Stored data entries:
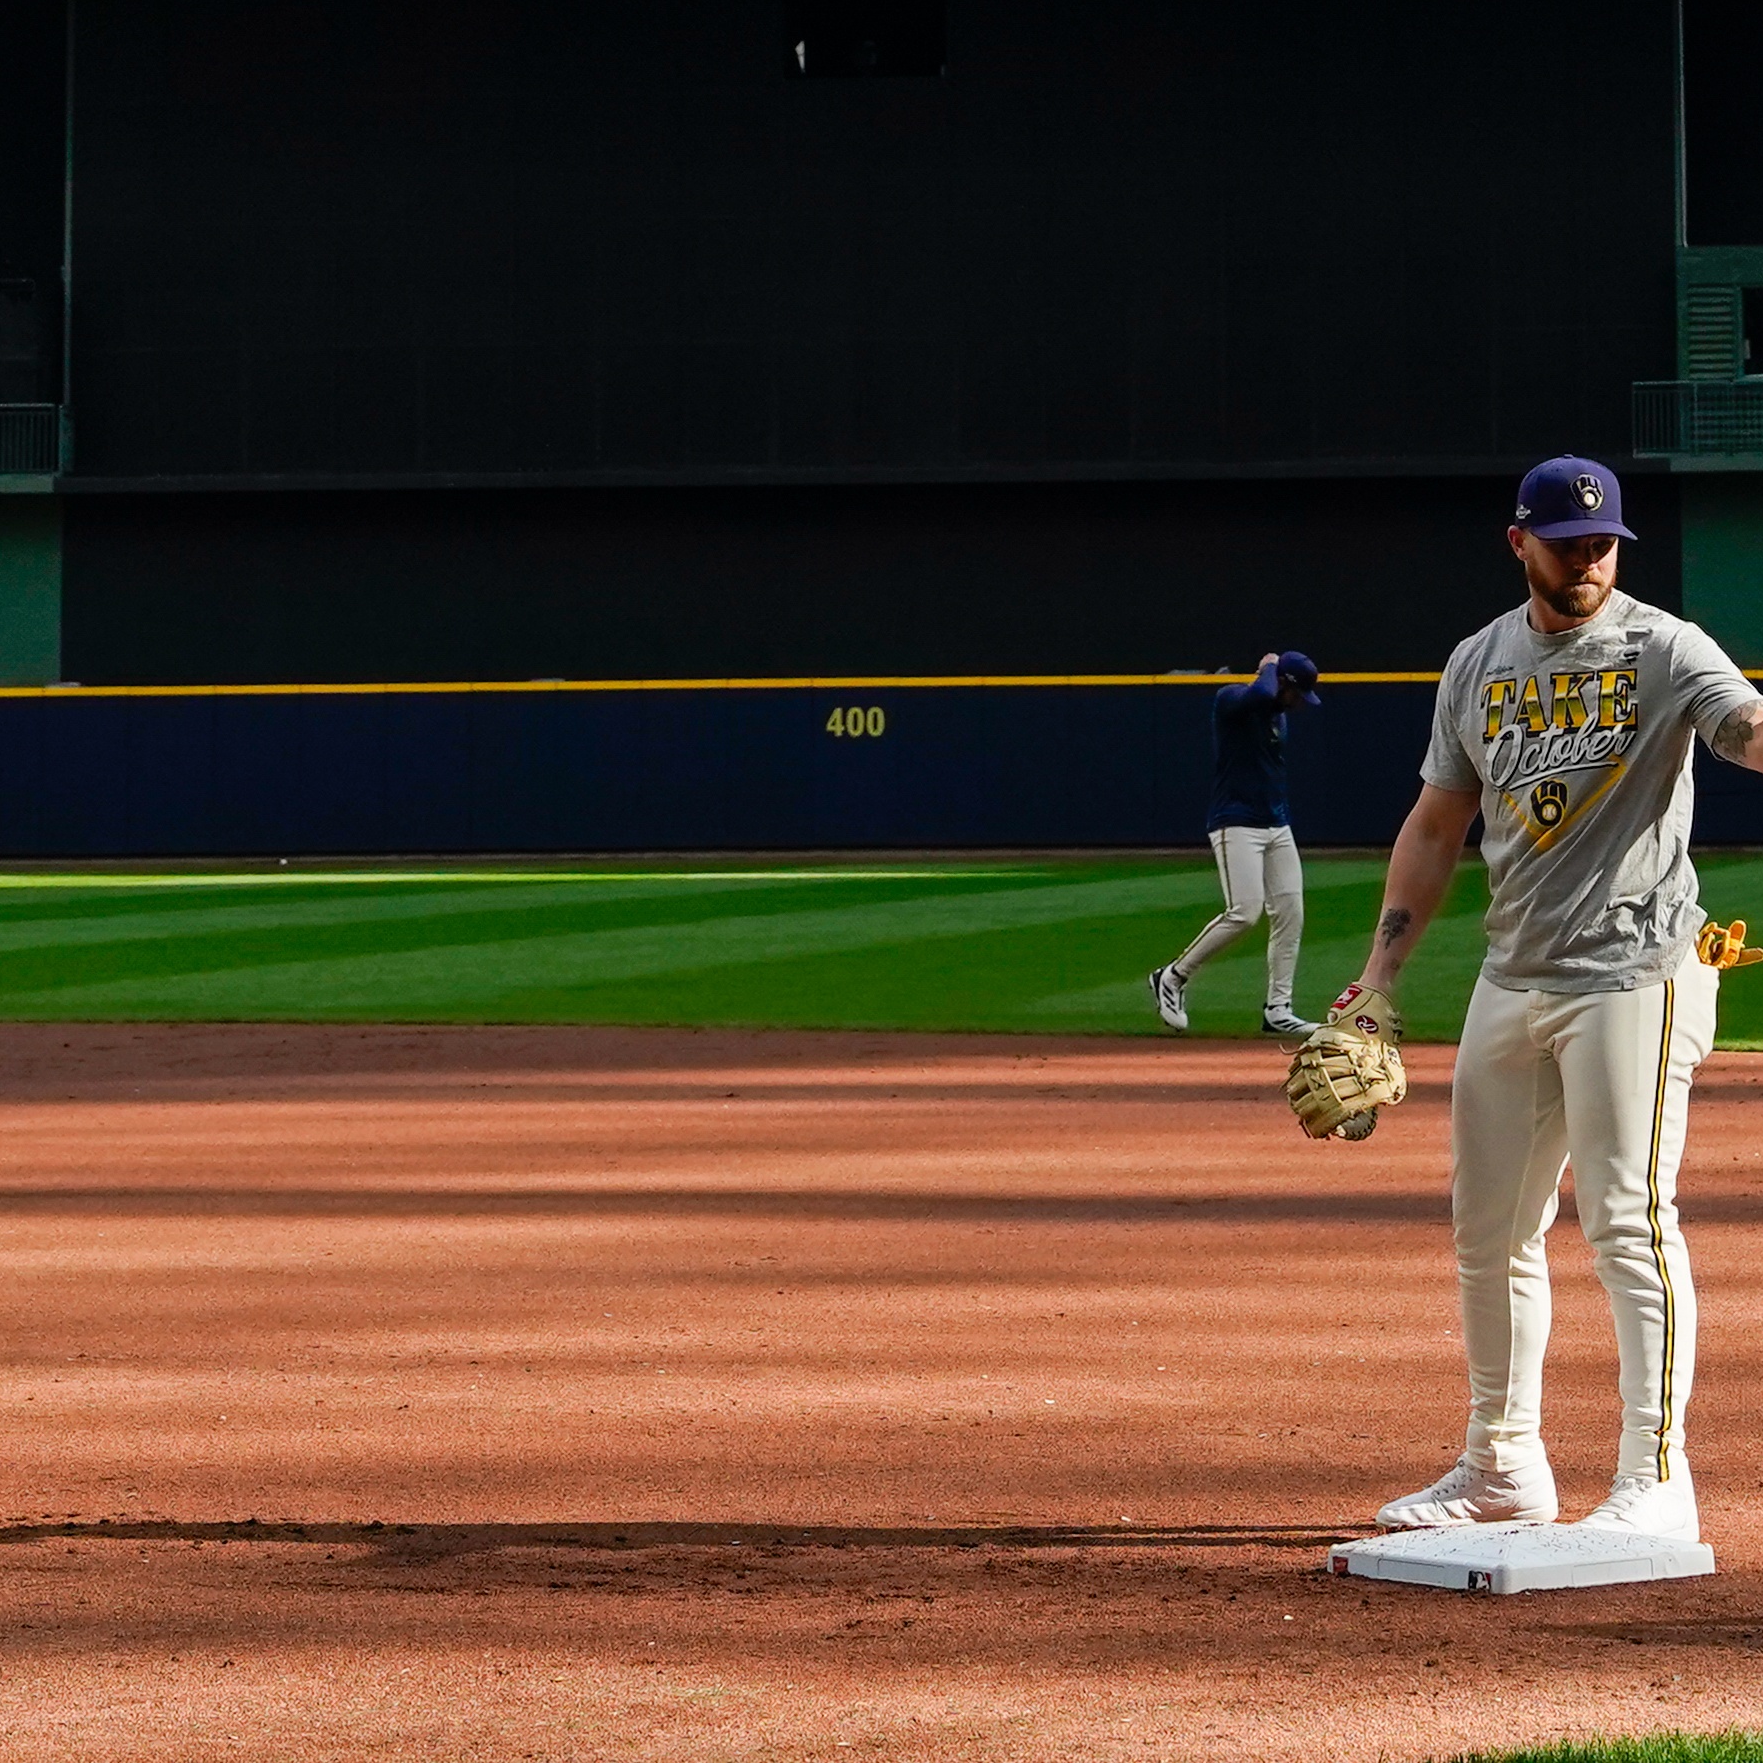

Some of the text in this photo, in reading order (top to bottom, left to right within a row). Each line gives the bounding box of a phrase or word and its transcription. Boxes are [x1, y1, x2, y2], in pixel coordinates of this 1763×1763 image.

[826, 706, 886, 737] 400
[1480, 668, 1638, 744] TAKE
[1487, 711, 1636, 787] October
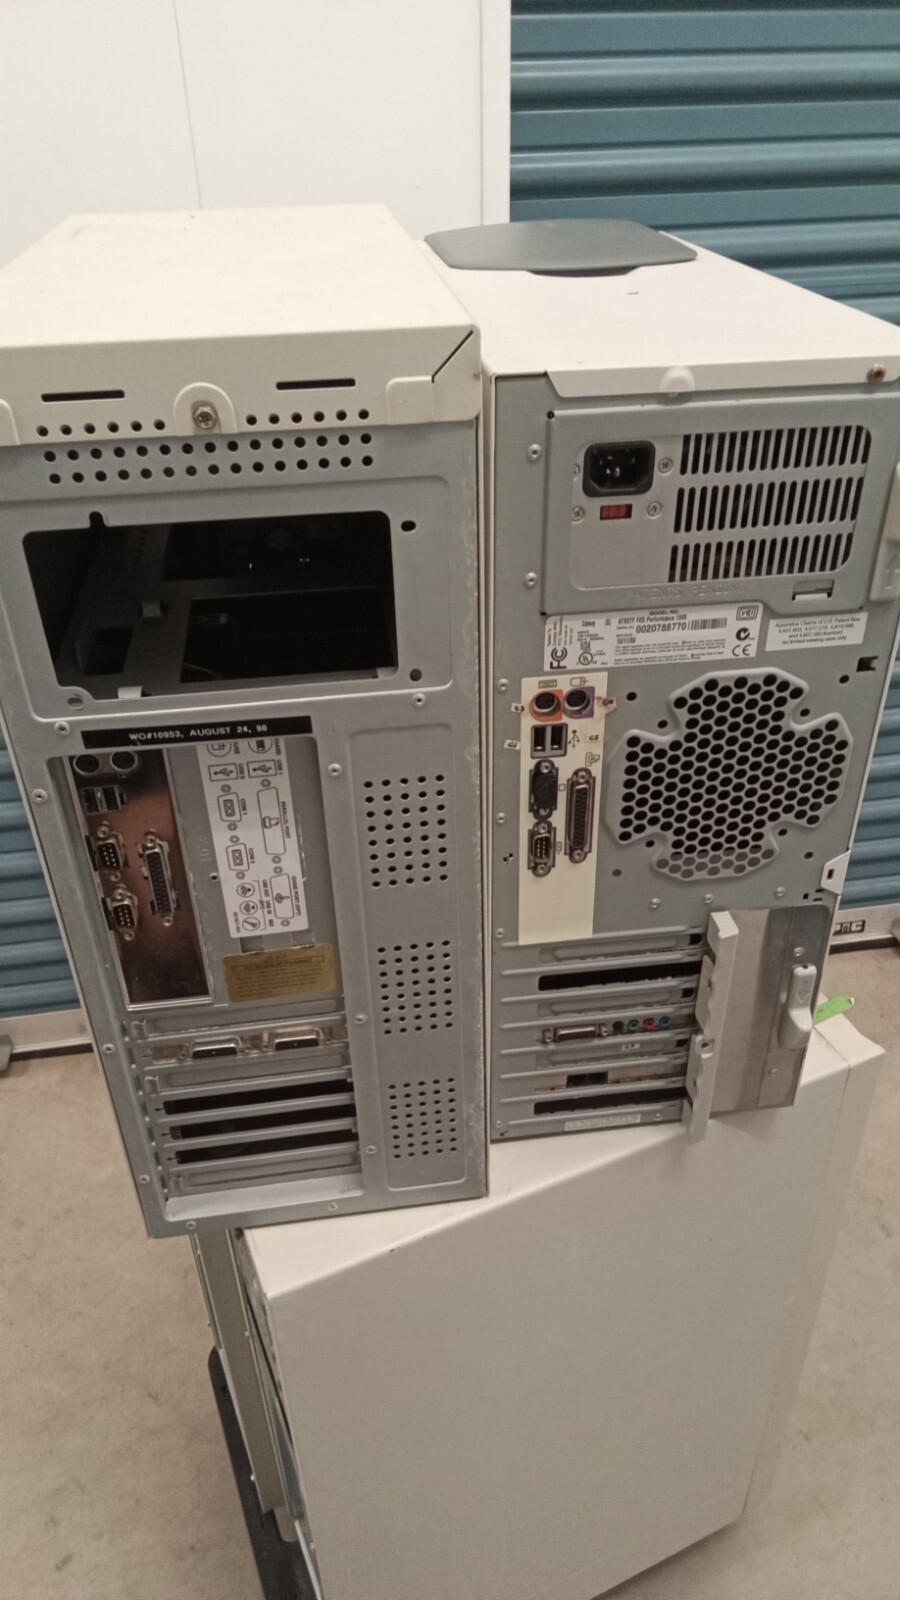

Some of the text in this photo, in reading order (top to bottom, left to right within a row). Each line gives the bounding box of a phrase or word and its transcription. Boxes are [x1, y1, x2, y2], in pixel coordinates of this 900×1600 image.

[636, 622, 687, 633] 0020788770
[128, 724, 268, 741] WO#10953, AUGUST 24, 98
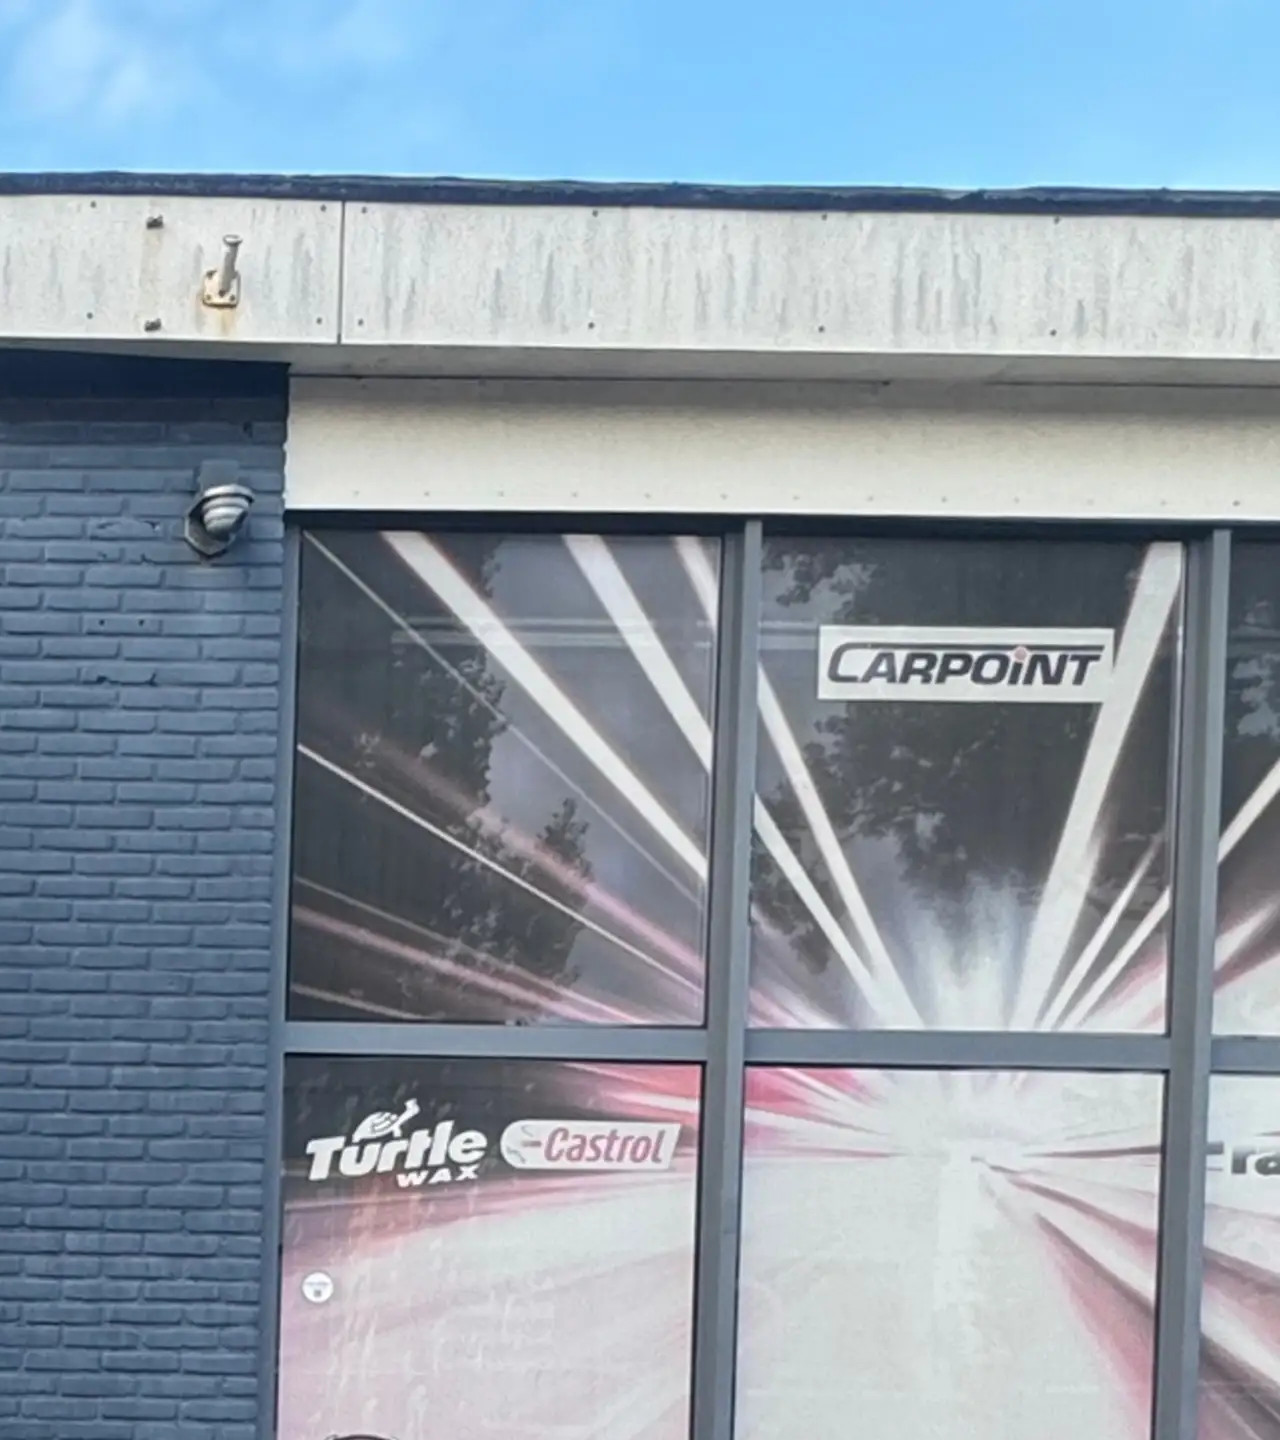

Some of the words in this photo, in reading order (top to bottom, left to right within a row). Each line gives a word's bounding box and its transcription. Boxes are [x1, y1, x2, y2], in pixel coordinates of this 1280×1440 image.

[305, 1119, 488, 1181] Turtle
[543, 1127, 666, 1164] Castrol
[396, 1164, 480, 1188] WAX
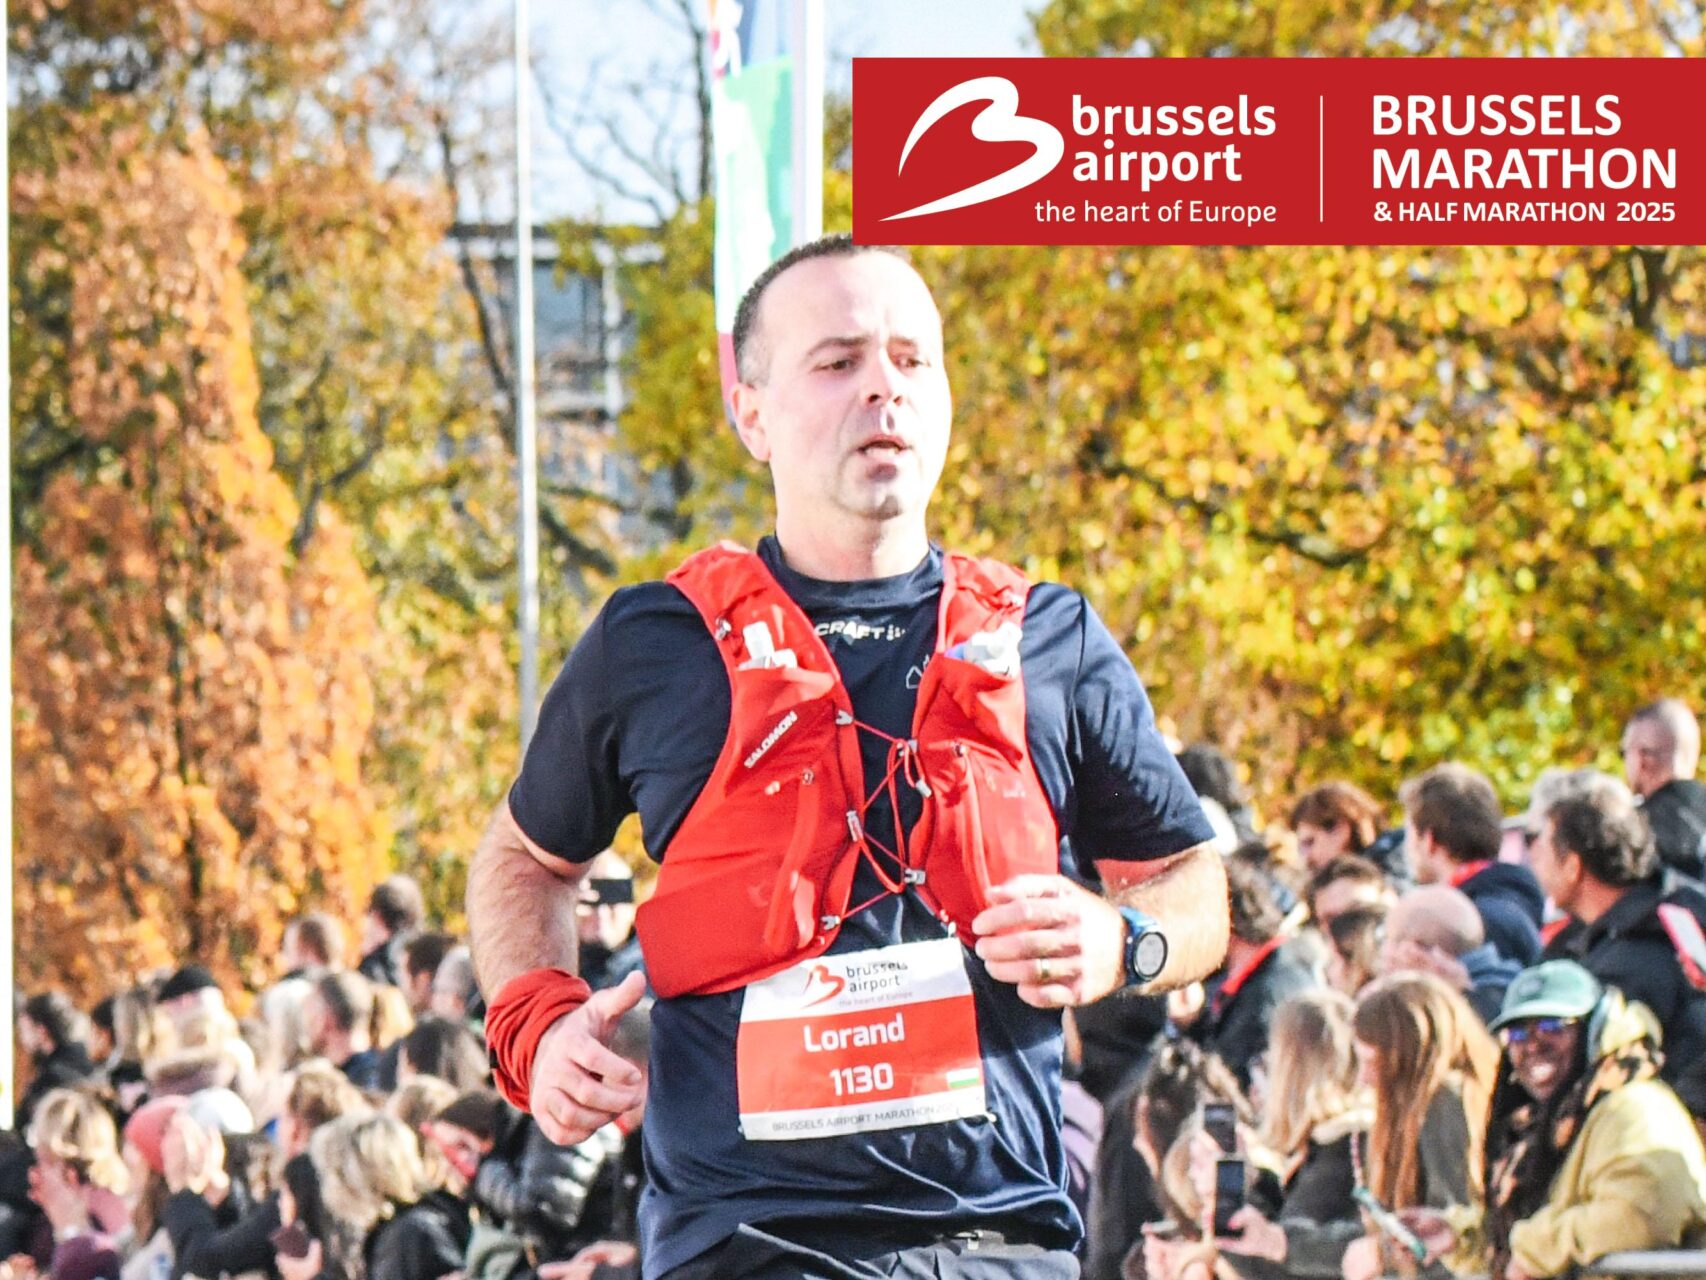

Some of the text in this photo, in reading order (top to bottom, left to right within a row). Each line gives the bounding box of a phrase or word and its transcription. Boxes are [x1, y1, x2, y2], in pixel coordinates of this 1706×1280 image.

[814, 621, 885, 640] CRAFT
[743, 710, 798, 769] SALOMON
[846, 962, 908, 978] brussels
[850, 974, 901, 993] airport
[803, 1013, 905, 1051] Lorand
[828, 1062, 894, 1096] 1130
[772, 1117, 825, 1133] BRUSSELS
[827, 1113, 871, 1128] AIRPORT
[874, 1105, 935, 1123] MARATHON

What you will do:
Pictures stay out; the entries above are to be output exactly as given.

Answer to this task:
Some of the text in this photo, in reading order (top to bottom, left to right within a row). Each line gives the bounding box of a phrase or word and its transcription. Boxes are [x1, y1, x2, y2], in pixel coordinates of this 1763×1763 image.

[826, 706, 886, 737] 400
[1480, 668, 1638, 744] TAKE
[1487, 711, 1636, 787] October

Some of the text in this photo, in reading order (top to bottom, left to right within a row). Each line gives the bounding box of a phrase or word and its transcription. Boxes are [x1, y1, x2, y2], in pixel coordinates of this 900×1600 image.

[636, 622, 687, 633] 0020788770
[128, 724, 268, 741] WO#10953, AUGUST 24, 98

Some of the words in this photo, in reading order (top to bottom, left to right within a row). Each line gives a word's bounding box and its transcription. Boxes are [x1, y1, x2, y2], in pixel coordinates of this 1280×1440 image.

[305, 1119, 488, 1181] Turtle
[543, 1127, 666, 1164] Castrol
[396, 1164, 480, 1188] WAX

Some of the text in this photo, in reading order (top to bottom, left to right within a row). Each line gives the bounding box of a phrase or word and its transcription. Boxes are [x1, y1, x2, y2], in pixel coordinates of this 1706×1280 image.

[814, 621, 885, 640] CRAFT
[743, 710, 798, 769] SALOMON
[846, 962, 908, 978] brussels
[850, 974, 901, 993] airport
[803, 1013, 905, 1051] Lorand
[828, 1062, 894, 1096] 1130
[772, 1117, 825, 1133] BRUSSELS
[827, 1113, 871, 1128] AIRPORT
[874, 1105, 935, 1123] MARATHON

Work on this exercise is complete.